Later, when I was around 16 or so, my parents said often, word for word, the same thing that maleficient's parents said. It was not because I was rebelling.. it was because I could not believe that every situation would be the same. What happened to them may not be the same thing that will happen to me. There was room for something different.

I have no problem taking advice or other peoples experiences into account when I make decisions.. sometimes advice or the experience of another will change my perspective or attitude.. other times it wont. It depends on how valid it is in regard to my situation.

When I came home (to my parents) with my daughter.. I was quick to tell them, "Hey, listen.. I'm going to do this differently than how you both did it with me.. because, well, hey.. we can all see that perhaps it didn't quite work...". They amazed me at how readily they watched, learned and adapted to the method I used with my daughter. They have told me since, in their eyes.. I have done a 'great job'. The main difference - not preaching or controlling, giving room for my daughter to experience some things and using guidance to learn other things. I always looked for how she felt about my interjecting, if I wanted to show her how to do something. I can't say that I experienced the terrible two's.. we had a pretty good time through her toddler years and still do to this day. I was extremely pig-headed when I was young. I also feel my daughter has a good grasp on 'critical thinking'.

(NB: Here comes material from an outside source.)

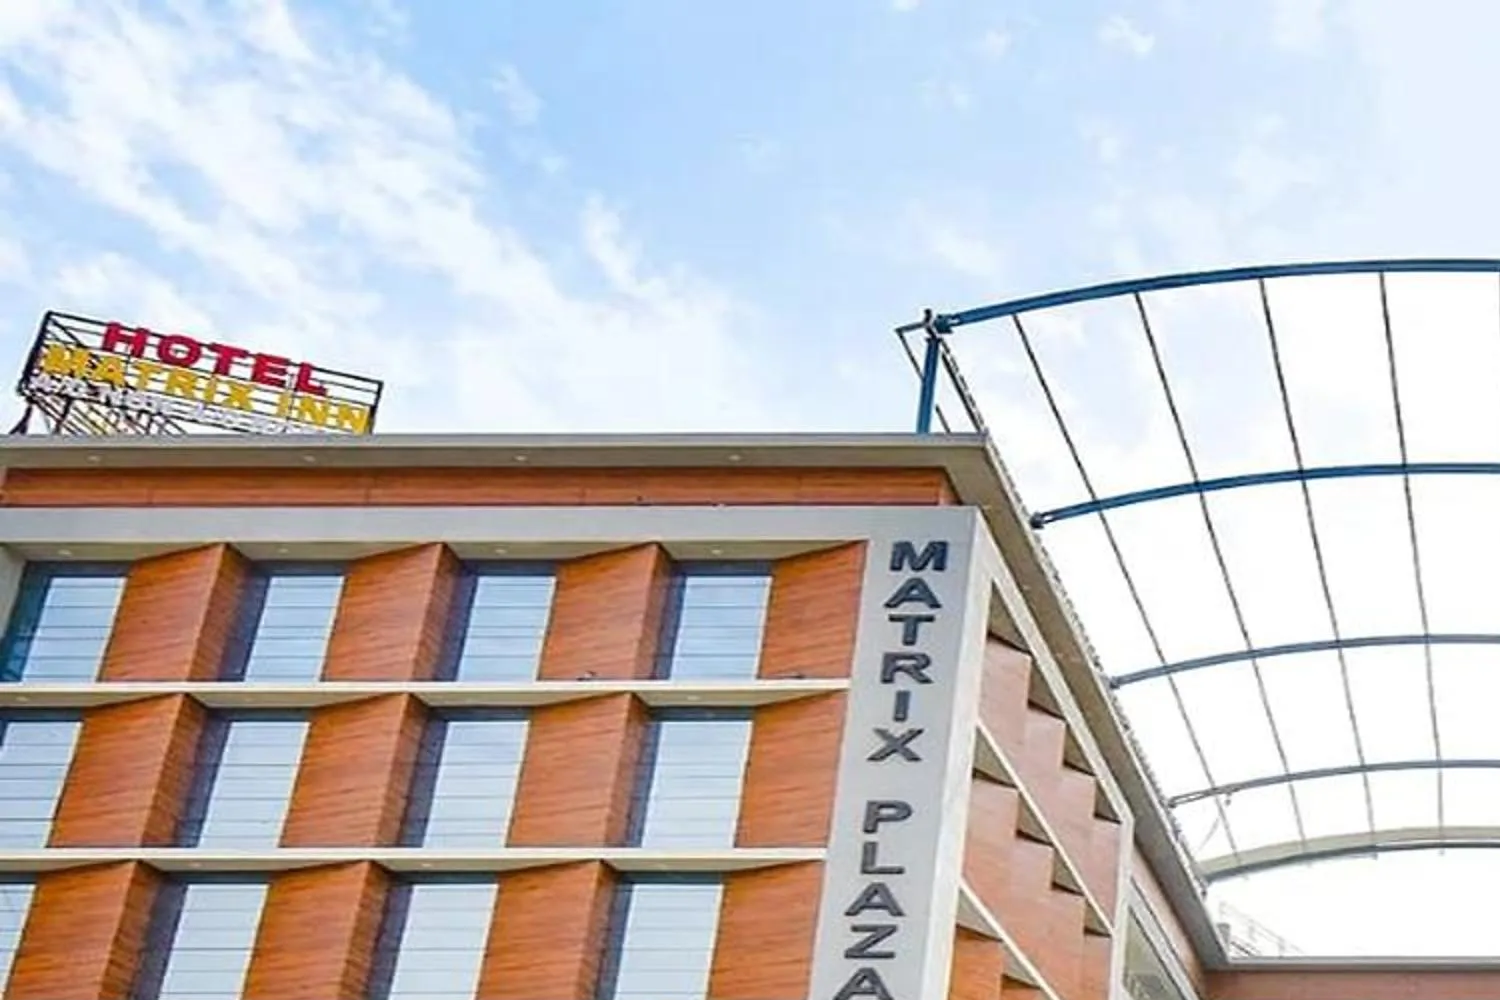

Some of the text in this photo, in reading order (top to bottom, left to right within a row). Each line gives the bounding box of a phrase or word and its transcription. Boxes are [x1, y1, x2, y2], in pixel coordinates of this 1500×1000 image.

[41, 342, 256, 409] MATRIX
[276, 391, 371, 435] INN
[101, 321, 328, 396] HOTEL
[866, 541, 949, 762] MATRIX

Another theory I have, is when we try to teach others by our experiences, it sort of makes the recipient reliant on having someone to turn to, it is easier for them to want advice and comfort, and they can become sort of lazy, unwilling or unable to develop critical thinking for themselves. Worst case scenario.. when or if anything goes wrong, you have someone else to blame. Responsibility for ones actions becomes a real fuzzy area here...

What I'm saying is, I think we need to both learn or experience on our own 'and' learn through the experiences of others. I do not think one is better than the other.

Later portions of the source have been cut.